I just got an email from my high school, requesting my participation in a Q&A for a magazine that goes to parents and alumni. The question they want a response to in 60 words or less is, “What advice would you give to aspiring writers?” Of course I said I’d participate. The only hard part is distilling ten years of research and experience into so few words.

I could go with a single word: “Write!”

I could be cynical and say, “Don’t write unless you have to. It’s a heartbreaking business.”

I could be business-like and say, “Learn everything you can about good prose, story elements, query letters, promotion, and publishing because the competition is fierce — millions of people have written a book want to write a book. But no matter what happens, keep writing.”

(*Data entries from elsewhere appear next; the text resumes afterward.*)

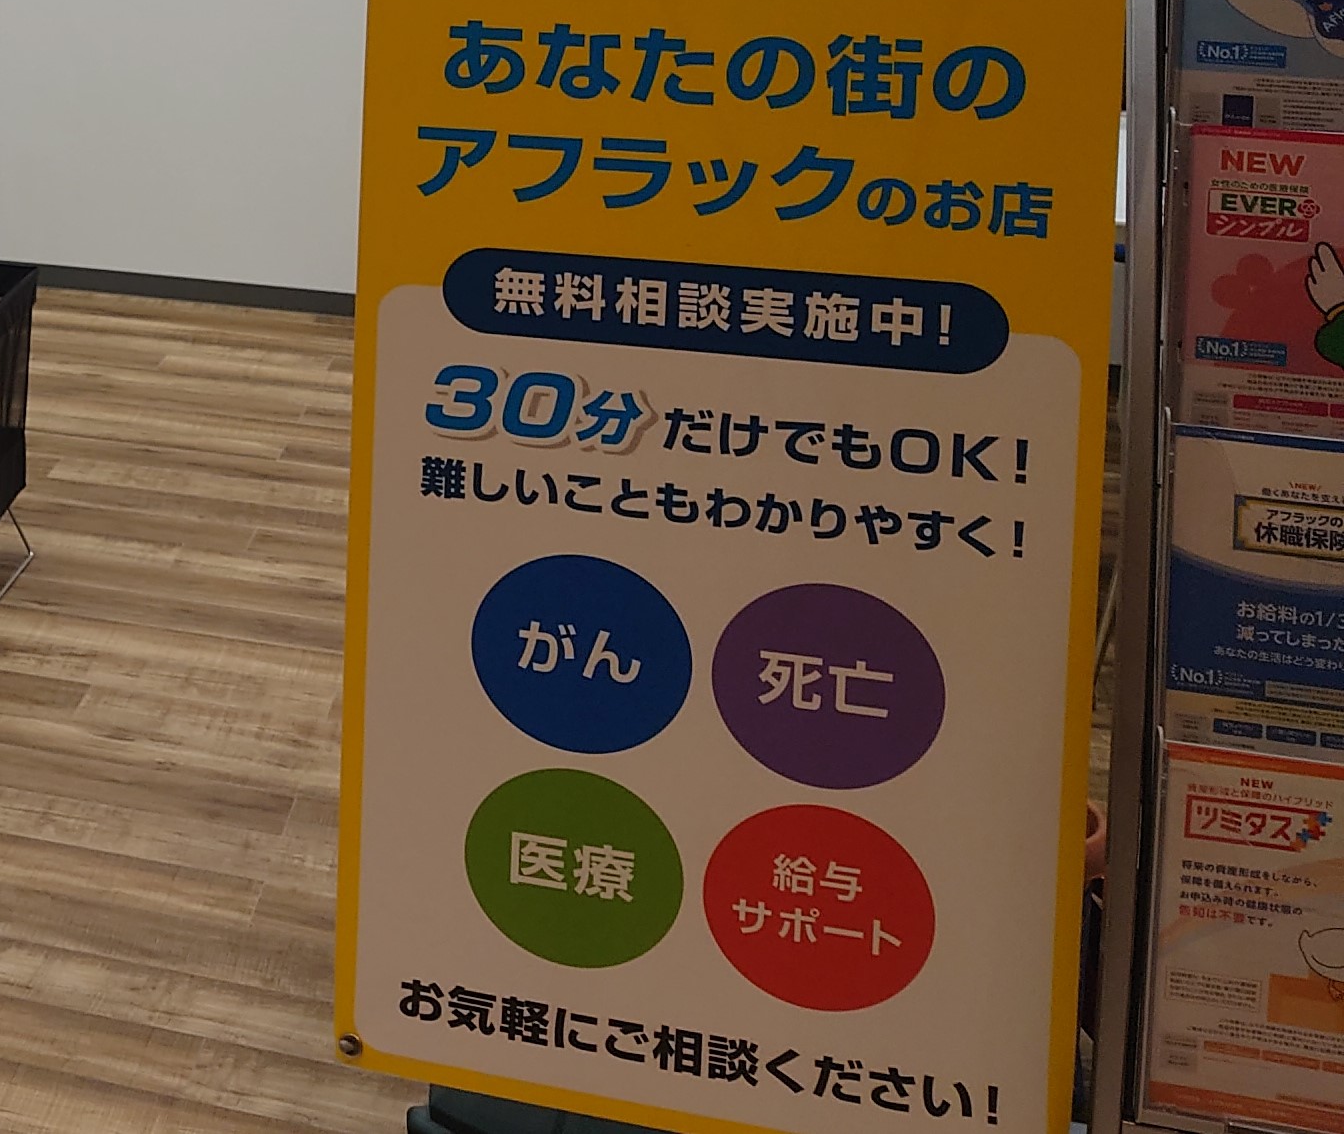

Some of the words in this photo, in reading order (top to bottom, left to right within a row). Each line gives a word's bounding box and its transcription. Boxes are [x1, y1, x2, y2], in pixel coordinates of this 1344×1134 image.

[443, 18, 1027, 121] あなたの街の
[416, 124, 1054, 240] アフラックのお店
[1221, 149, 1305, 176] NEW
[1215, 215, 1303, 237] シンプル
[1221, 193, 1297, 217] EVER
[517, 620, 641, 685] がん
[757, 648, 895, 719] 死亡
[1240, 777, 1274, 789] NEW
[1196, 805, 1292, 841] ツミタス
[509, 831, 636, 902] 医療
[772, 852, 863, 902] 給与
[731, 897, 903, 956] サポート

I could be philosophical and say, “Start with a single word. That’s how every book through the ages was written — one word at a time. By stringing single words together, you get sentences, then paragraphs, pages, chapters, an entire book.”

I could be more story-oriented and say, “Ask yourself: what story do you want to write? Why? What do your characters want? Why? How are they going to get what they want? Who is going to stop them getting what they want?”

I could plunge into the action and say, “Sometimes it’s hard to find the confidence to bring complex scenes to life, to juggle the many elements that comprise a compelling scene, so plunge headfirst into action. Write fast and fearlessly; let the words fall where they may. You can always clean up the mess in rewrites.”

So, what advice would you give to aspiring writers? What was the best advice anyone ever gave you? What was the most helpful advice you ever read?

11 Responses to “Advice to Aspiring Writers”

  1. Colleen Says:

    I would tell the students to live life to the fullest. Write about what makes you happy and forget about what other people think. If you can’t write for yourself you should not be writing.

  2. Stephen Prosapio Says:

    Funny. Your advice and mine are so similar. Yours is one word and mine two. I dupilicate your word and add another:

    “Don’t Write!”

    lol Kidding of course….kinda.

    I don’t think real writers need to be advised to write. I don’t think we have any other choice…

    • Pat Bertram Says:

      Stephen, It never occurred to me until I was writing this bloggery tonight what a foolish thing “advice to aspiring writers” is. Either people write or they don’t. If they aspire to write, they are not writing, hence they are not writers. The correct questions are “what advice would you give to writers who aspire to be published”, or “what advice you would give to writers who aspire to be better writers”, or “what advice would you give to writers who aspire to be selling writers”. As you say, real writers don’t need advice on how to be a writer.

  3. lvgaudet Says:

    Write for yourself. For writing to be fulfilling you should write for the joy of writing and not for validation. Getting published is the geek version of the I’m gonna be a rock star dream. Everybody wants to be a rock star (or published author), but very few will make it. To have your best chance, love writing and that enjoyment may just shine through your work.

  4. Carol Ann Hoel Says:

    Write what you know seemed like good advice, but I had a hard time deciding what it was that I knew. Then one day I figured it out. Great post, Pat…

    • Pat Bertram Says:

      So good to know what you know! I still don’t. I had to do a whole lot of research to learn enough to write my books.

      • Carol Ann Hoel Says:

        What I know is the Bible and the character of God that is revealed in its pages. Writing novels will always require something we don’t know and must research. Therein lies most of the actual work of writing. Blessings to you, Pat…

  5. joylene Says:

    I’m with you, Pat. One other thing, don’t send it to an agent or publisher until you’re absolutely positively sure.

  6. JD Webb Says:

    I’d say, read. Read the masters of your genre. Steal from them, not their words, but their way to excite, startle, laugh, entertain. Then practice. No matter the business or art, practice is essential.